Saved entries:
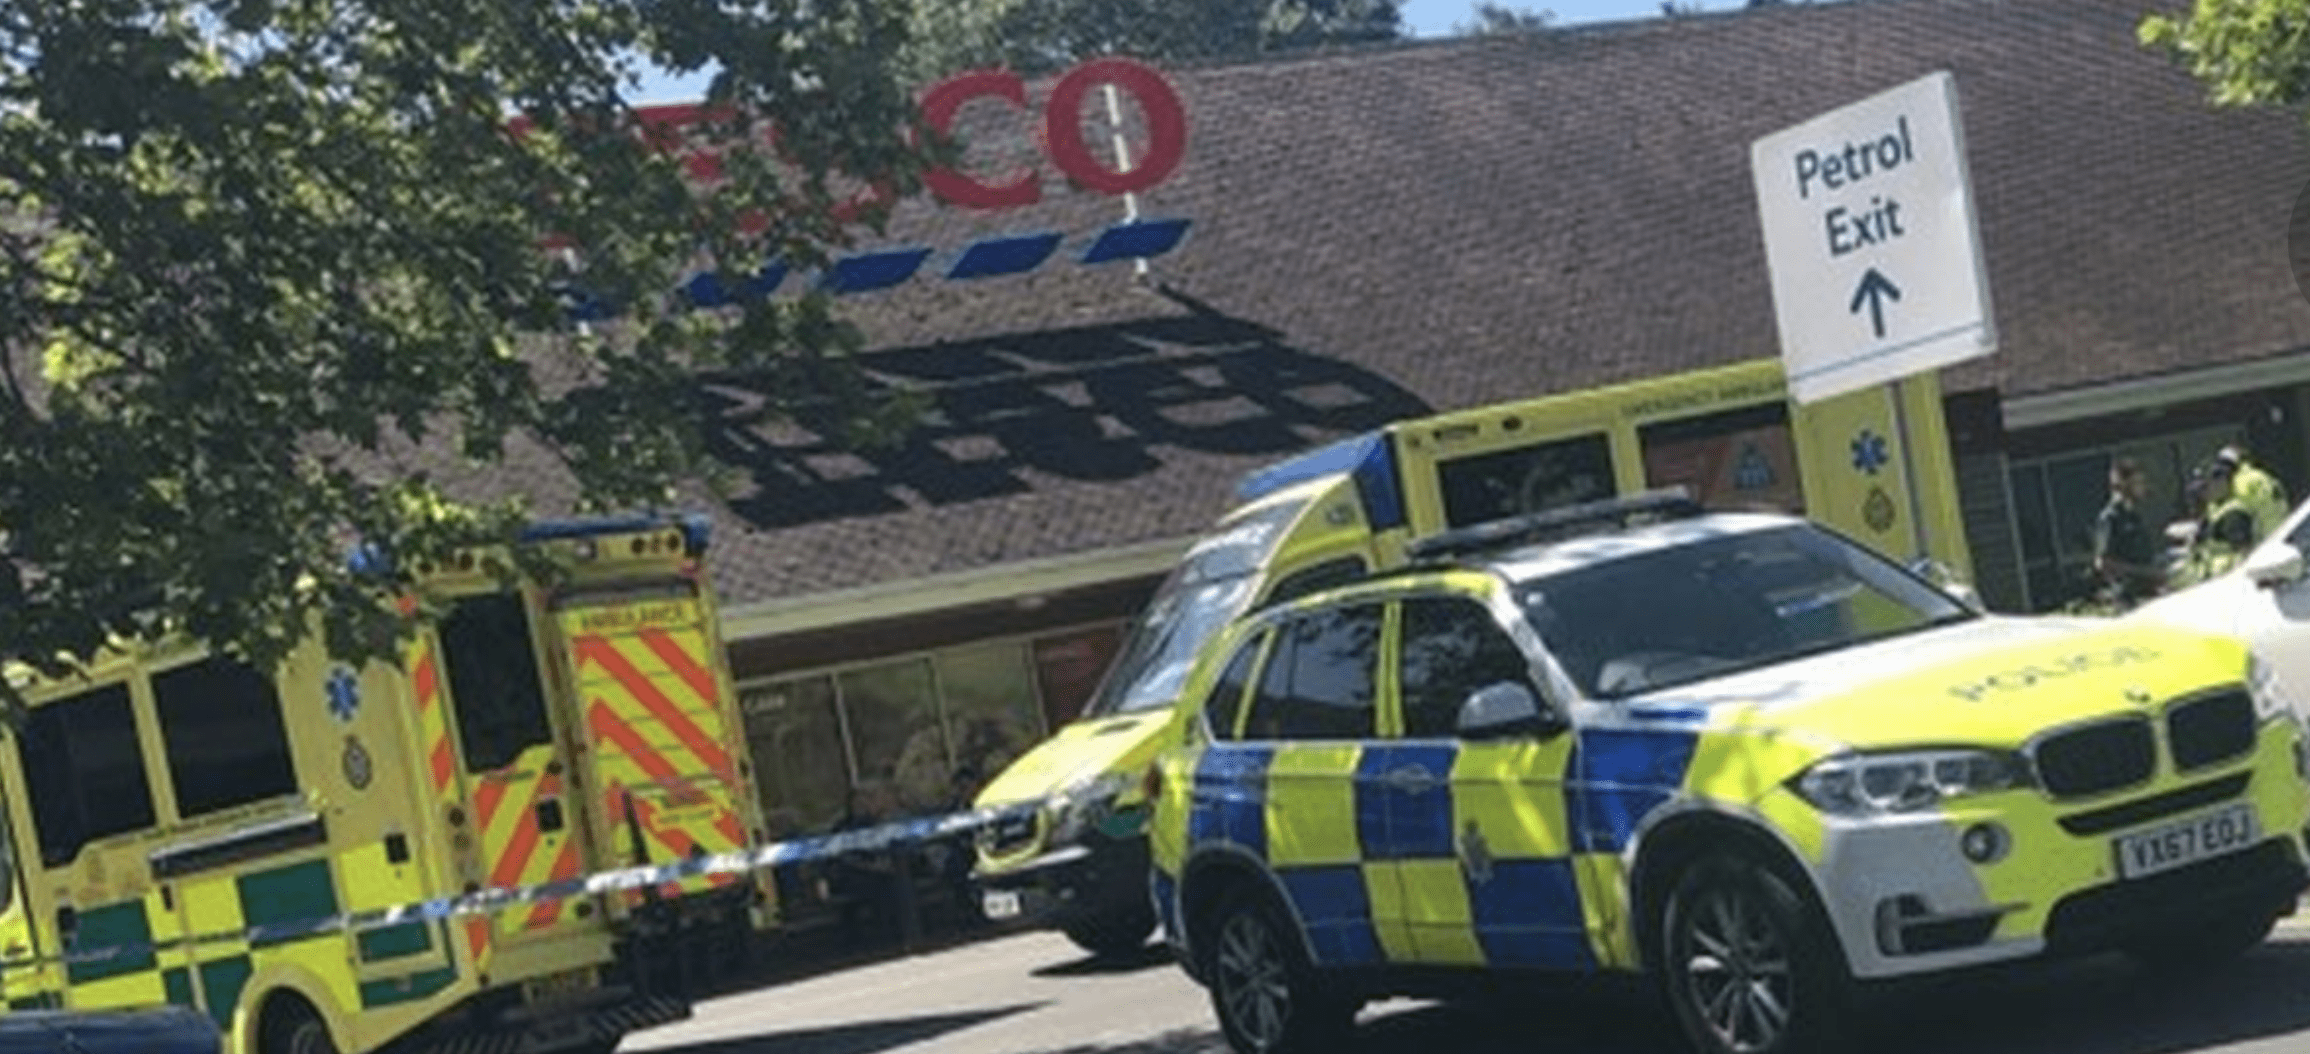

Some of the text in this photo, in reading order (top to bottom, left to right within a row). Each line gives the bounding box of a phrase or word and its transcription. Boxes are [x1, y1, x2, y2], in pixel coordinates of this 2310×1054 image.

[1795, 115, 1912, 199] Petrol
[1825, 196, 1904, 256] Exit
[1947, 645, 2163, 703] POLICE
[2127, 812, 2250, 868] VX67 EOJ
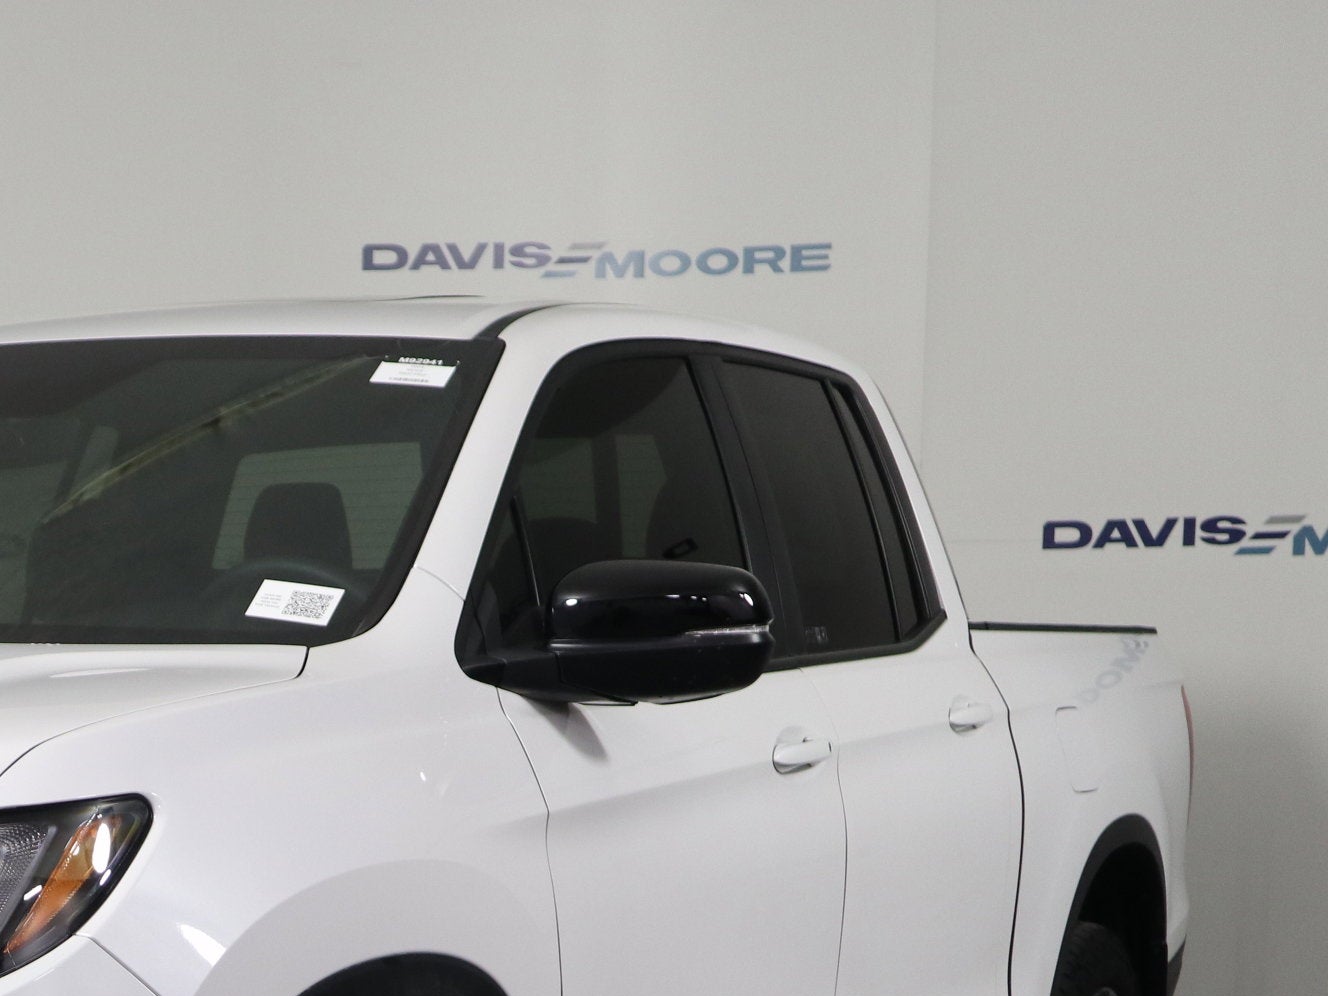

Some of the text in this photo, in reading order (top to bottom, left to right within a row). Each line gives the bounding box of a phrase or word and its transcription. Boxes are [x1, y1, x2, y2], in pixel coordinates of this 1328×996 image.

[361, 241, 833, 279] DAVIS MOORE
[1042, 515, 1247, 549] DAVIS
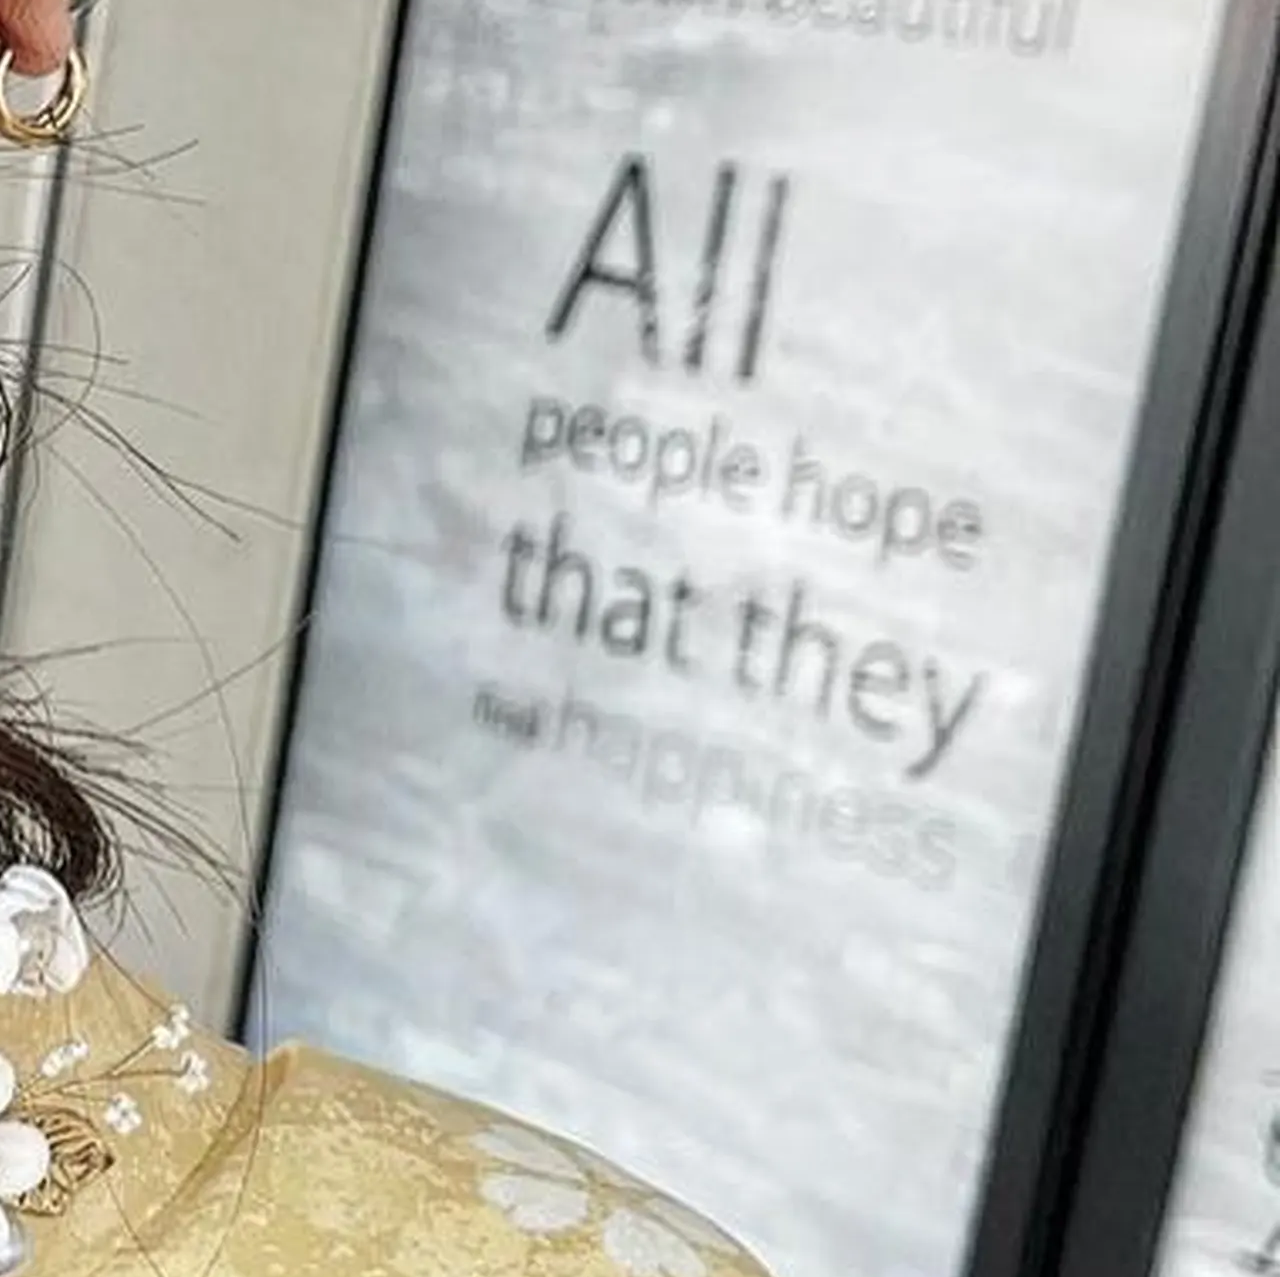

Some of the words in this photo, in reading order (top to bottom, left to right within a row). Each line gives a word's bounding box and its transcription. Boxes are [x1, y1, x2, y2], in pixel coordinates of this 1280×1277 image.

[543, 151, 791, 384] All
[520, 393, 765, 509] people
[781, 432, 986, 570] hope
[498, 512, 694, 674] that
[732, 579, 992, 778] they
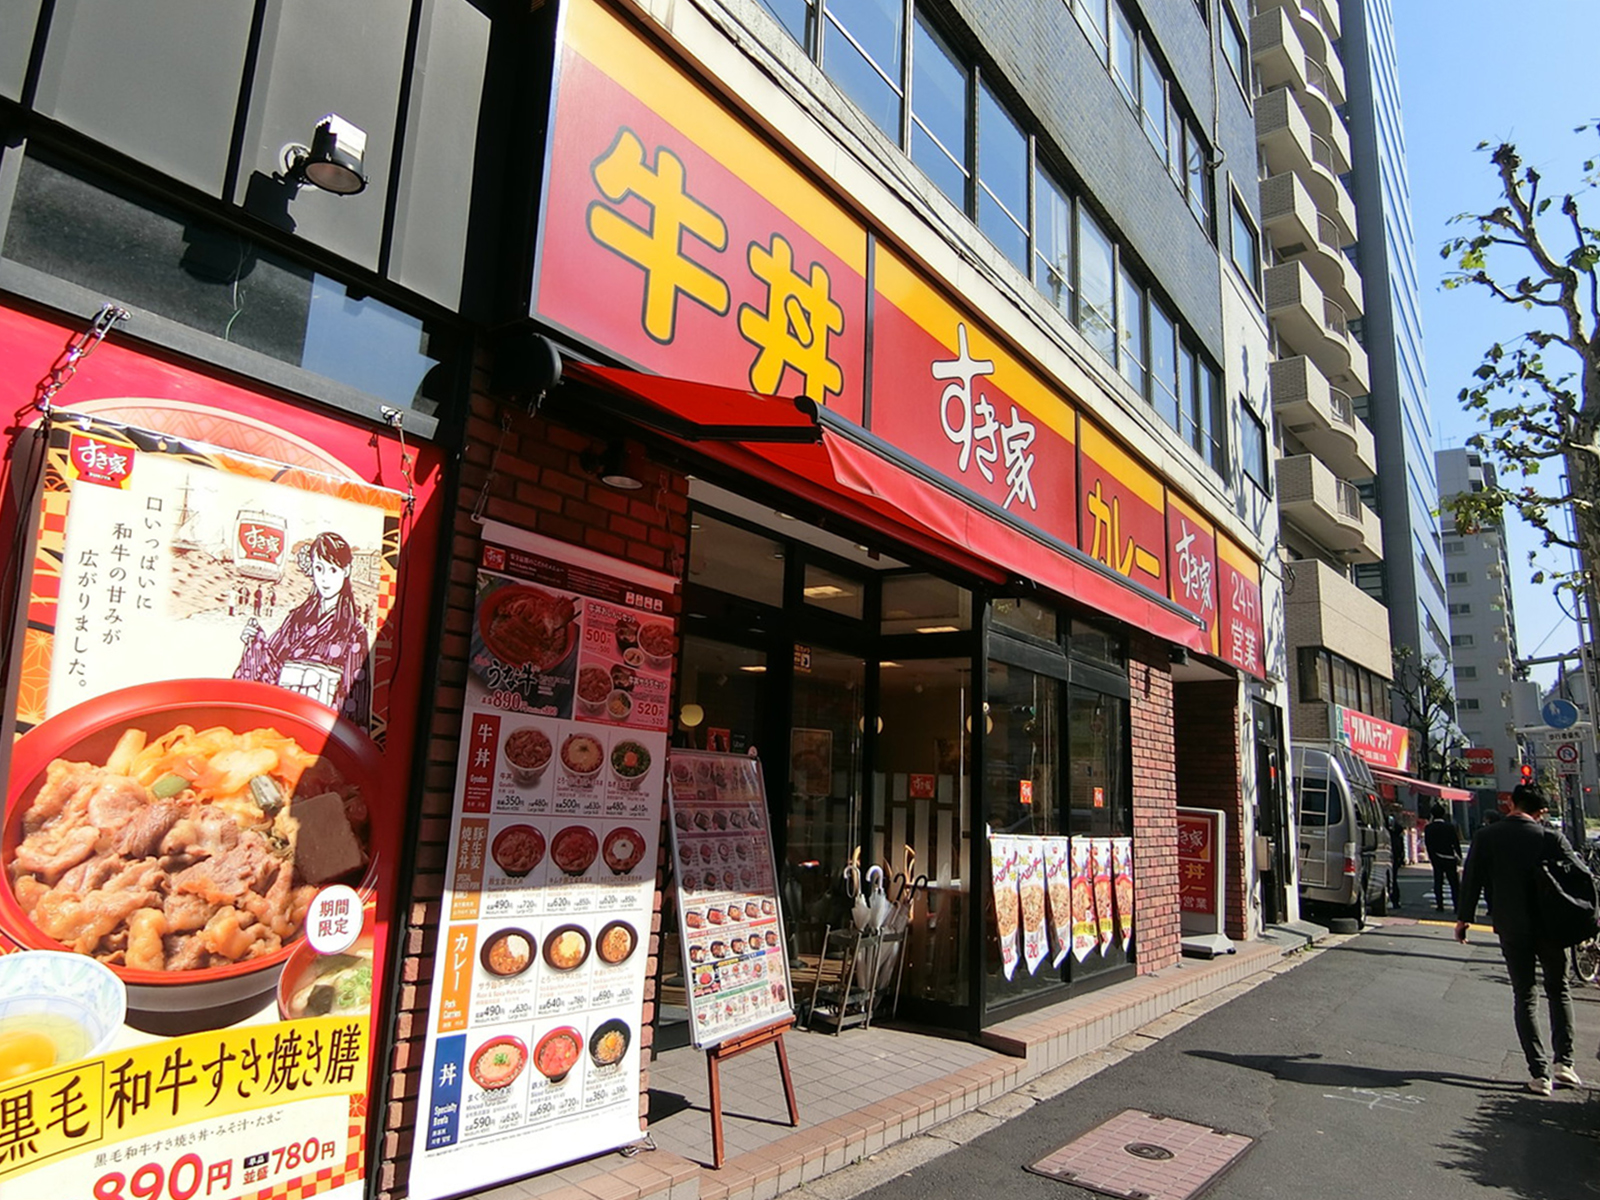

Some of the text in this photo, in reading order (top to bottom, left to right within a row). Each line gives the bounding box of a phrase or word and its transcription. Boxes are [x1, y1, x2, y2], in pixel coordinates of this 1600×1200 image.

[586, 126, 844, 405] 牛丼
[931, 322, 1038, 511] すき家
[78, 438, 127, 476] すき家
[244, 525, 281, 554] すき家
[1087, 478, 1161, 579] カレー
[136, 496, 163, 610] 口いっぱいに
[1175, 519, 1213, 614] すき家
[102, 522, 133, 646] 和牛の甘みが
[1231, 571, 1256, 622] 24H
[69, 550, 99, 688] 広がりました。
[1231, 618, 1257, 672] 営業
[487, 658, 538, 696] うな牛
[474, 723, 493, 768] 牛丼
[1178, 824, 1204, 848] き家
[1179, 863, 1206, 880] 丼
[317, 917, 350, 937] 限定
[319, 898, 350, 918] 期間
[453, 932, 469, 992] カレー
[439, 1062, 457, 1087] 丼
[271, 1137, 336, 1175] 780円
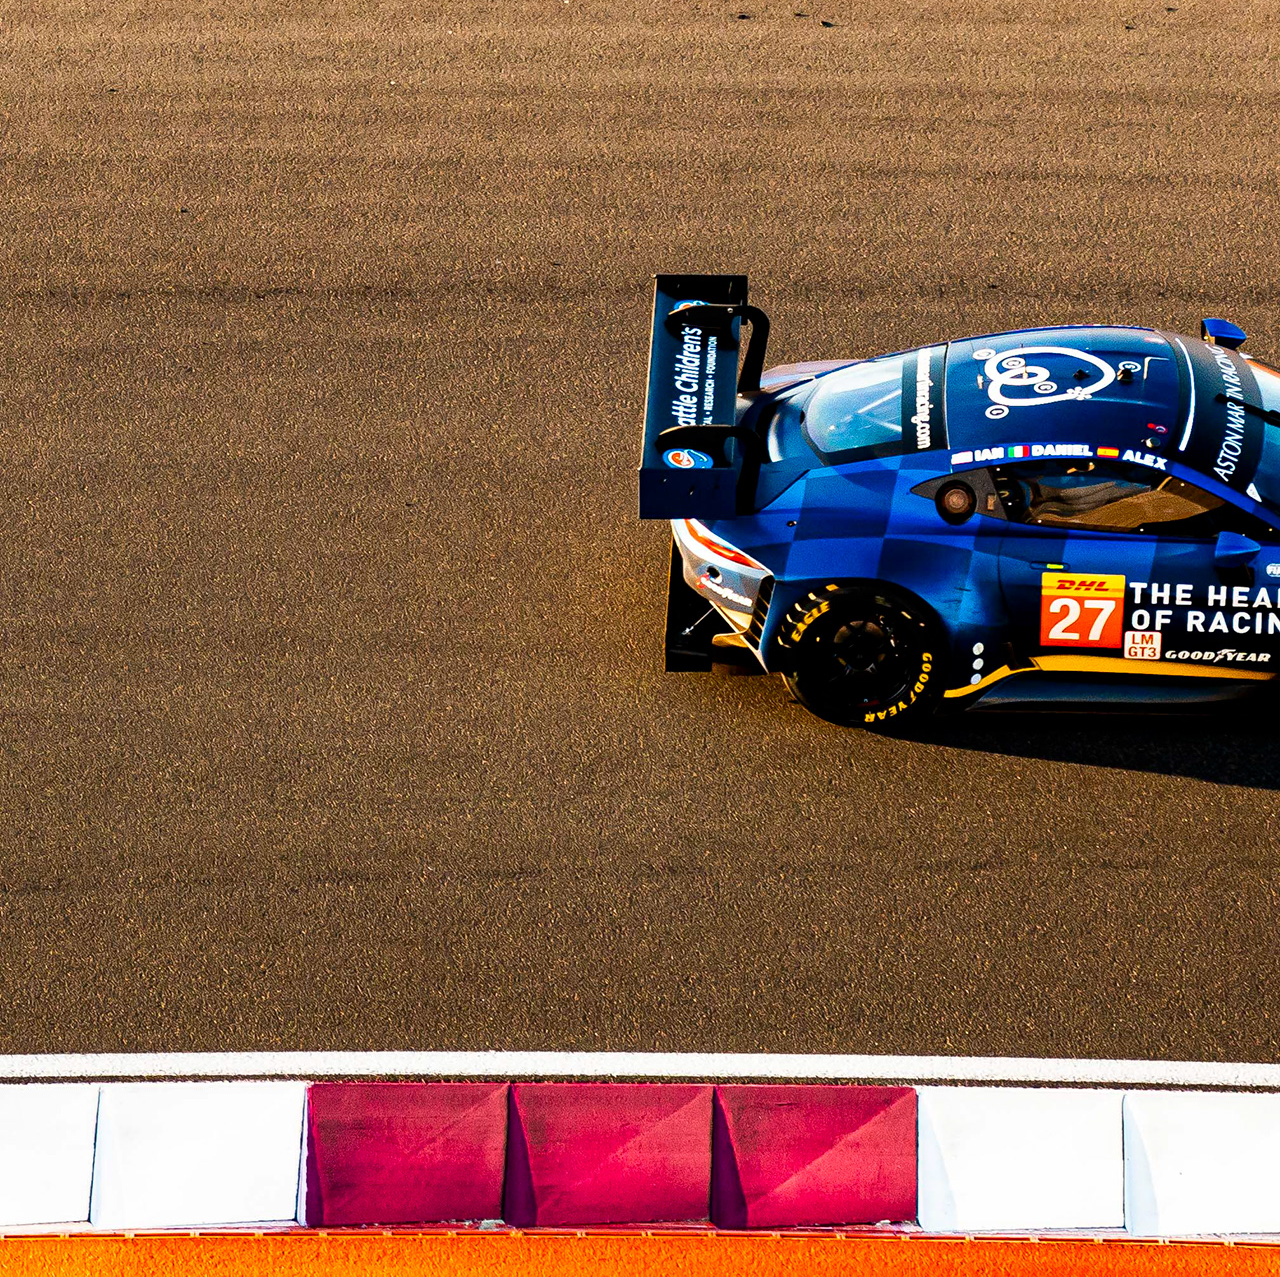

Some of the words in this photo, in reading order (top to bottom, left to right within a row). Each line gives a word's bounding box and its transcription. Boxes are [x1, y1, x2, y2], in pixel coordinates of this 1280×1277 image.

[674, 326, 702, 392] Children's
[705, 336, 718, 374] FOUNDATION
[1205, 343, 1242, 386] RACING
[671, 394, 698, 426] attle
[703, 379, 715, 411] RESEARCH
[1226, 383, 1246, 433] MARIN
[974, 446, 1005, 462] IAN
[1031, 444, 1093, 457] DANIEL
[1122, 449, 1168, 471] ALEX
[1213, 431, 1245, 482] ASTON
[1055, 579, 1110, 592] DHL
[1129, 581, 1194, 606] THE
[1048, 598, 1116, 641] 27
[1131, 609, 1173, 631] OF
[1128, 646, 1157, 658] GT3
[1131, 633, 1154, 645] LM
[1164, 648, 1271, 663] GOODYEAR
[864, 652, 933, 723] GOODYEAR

What you should do: Reproduce the data above exactly, leaving out any picture in it.

Response for this exercise:
Some of the text in this photo, in reading order (top to bottom, left to right within a row). Each line gives the bounding box of a phrase or word and its transcription. Boxes are [x1, y1, x2, y2], in pixel coordinates of this 2310×1054 image.

[1795, 115, 1912, 199] Petrol
[1825, 196, 1904, 256] Exit
[1947, 645, 2163, 703] POLICE
[2127, 812, 2250, 868] VX67 EOJ

Some of the text in this photo, in reading order (top to bottom, left to right within a row). Each line gives the bounding box of a phrase or word and its transcription. Boxes are [x1, y1, x2, y2], in pixel coordinates of this 1328×996 image.

[361, 241, 833, 279] DAVIS MOORE
[1042, 515, 1247, 549] DAVIS

Some of the words in this photo, in reading order (top to bottom, left to right within a row). Each line gives a word's bounding box and its transcription. Boxes are [x1, y1, x2, y2], in pixel coordinates of this 1280×1277 image.

[543, 151, 791, 384] All
[520, 393, 765, 509] people
[781, 432, 986, 570] hope
[498, 512, 694, 674] that
[732, 579, 992, 778] they

Some of the text in this photo, in reading order (top to bottom, left to right within a row). Each line gives the bounding box of a phrase or word and its transcription. Boxes are [x1, y1, x2, y2], in pixel coordinates of this 1600×1200 image.

[586, 126, 844, 405] 牛丼
[931, 322, 1038, 511] すき家
[78, 438, 127, 476] すき家
[244, 525, 281, 554] すき家
[1087, 478, 1161, 579] カレー
[136, 496, 163, 610] 口いっぱいに
[1175, 519, 1213, 614] すき家
[102, 522, 133, 646] 和牛の甘みが
[1231, 571, 1256, 622] 24H
[69, 550, 99, 688] 広がりました。
[1231, 618, 1257, 672] 営業
[487, 658, 538, 696] うな牛
[474, 723, 493, 768] 牛丼
[1178, 824, 1204, 848] き家
[1179, 863, 1206, 880] 丼
[317, 917, 350, 937] 限定
[319, 898, 350, 918] 期間
[453, 932, 469, 992] カレー
[439, 1062, 457, 1087] 丼
[271, 1137, 336, 1175] 780円

Some of the words in this photo, in reading order (top to bottom, left to right within a row). Each line gives a word's bounding box and its transcription. Boxes are [x1, y1, x2, y2], in pixel coordinates of this 1280×1277 image.

[674, 326, 702, 392] Children's
[705, 336, 718, 374] FOUNDATION
[1205, 343, 1242, 386] RACING
[671, 394, 698, 426] attle
[703, 379, 715, 411] RESEARCH
[1226, 383, 1246, 433] MARIN
[974, 446, 1005, 462] IAN
[1031, 444, 1093, 457] DANIEL
[1122, 449, 1168, 471] ALEX
[1213, 431, 1245, 482] ASTON
[1055, 579, 1110, 592] DHL
[1129, 581, 1194, 606] THE
[1048, 598, 1116, 641] 27
[1131, 609, 1173, 631] OF
[1128, 646, 1157, 658] GT3
[1131, 633, 1154, 645] LM
[1164, 648, 1271, 663] GOODYEAR
[864, 652, 933, 723] GOODYEAR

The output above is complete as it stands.